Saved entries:
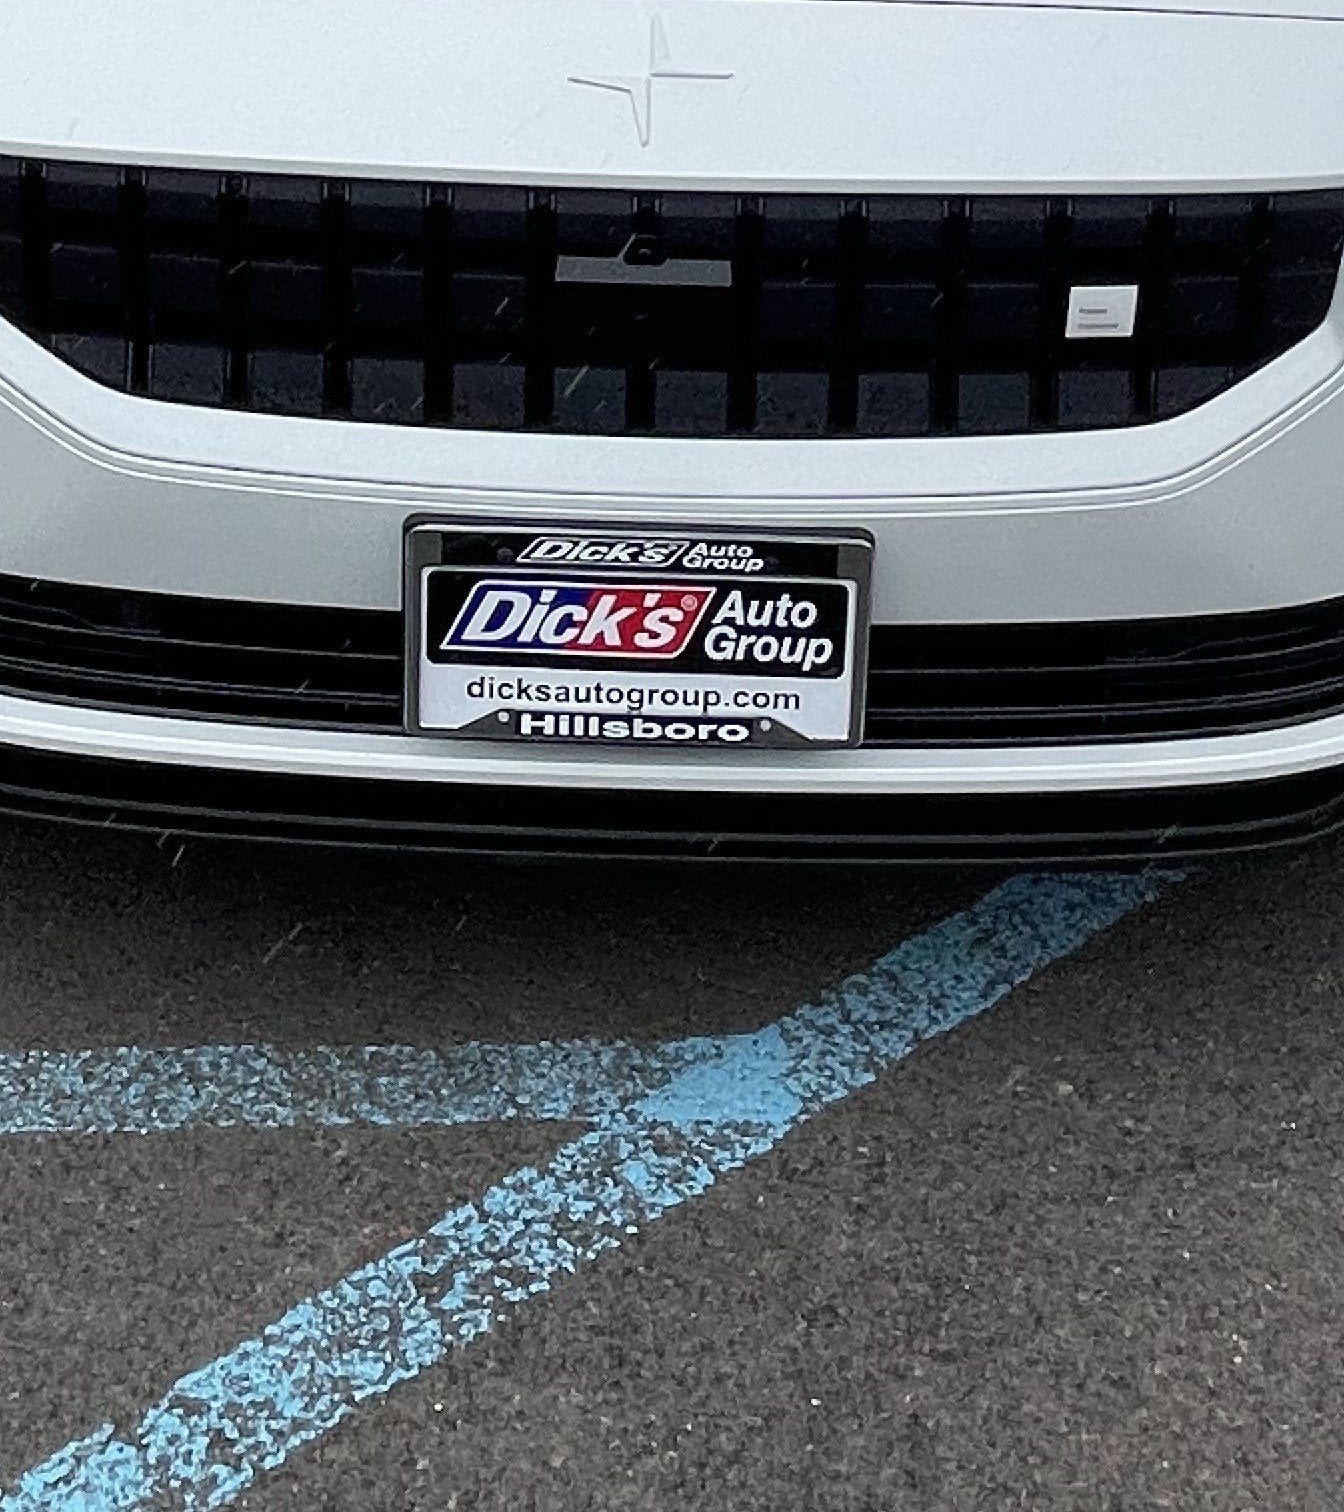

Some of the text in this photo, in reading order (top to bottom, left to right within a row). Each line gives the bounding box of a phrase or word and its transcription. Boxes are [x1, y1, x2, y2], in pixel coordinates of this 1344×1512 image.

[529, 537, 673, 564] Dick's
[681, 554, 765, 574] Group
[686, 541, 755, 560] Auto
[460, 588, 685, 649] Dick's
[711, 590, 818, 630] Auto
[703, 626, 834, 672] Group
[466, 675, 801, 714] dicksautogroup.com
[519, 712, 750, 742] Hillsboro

#### Problem
For this exercise, transcribe the entries verbatim and skip all pictures.

#### Completed exercise
Some of the text in this photo, in reading order (top to bottom, left to right within a row). Each line gives the bounding box of a phrase or word and its transcription. Boxes are [x1, y1, x2, y2], in pixel coordinates of this 1344×1512 image.

[529, 537, 673, 564] Dick's
[681, 554, 765, 574] Group
[686, 541, 755, 560] Auto
[460, 588, 685, 649] Dick's
[711, 590, 818, 630] Auto
[703, 626, 834, 672] Group
[466, 675, 801, 714] dicksautogroup.com
[519, 712, 750, 742] Hillsboro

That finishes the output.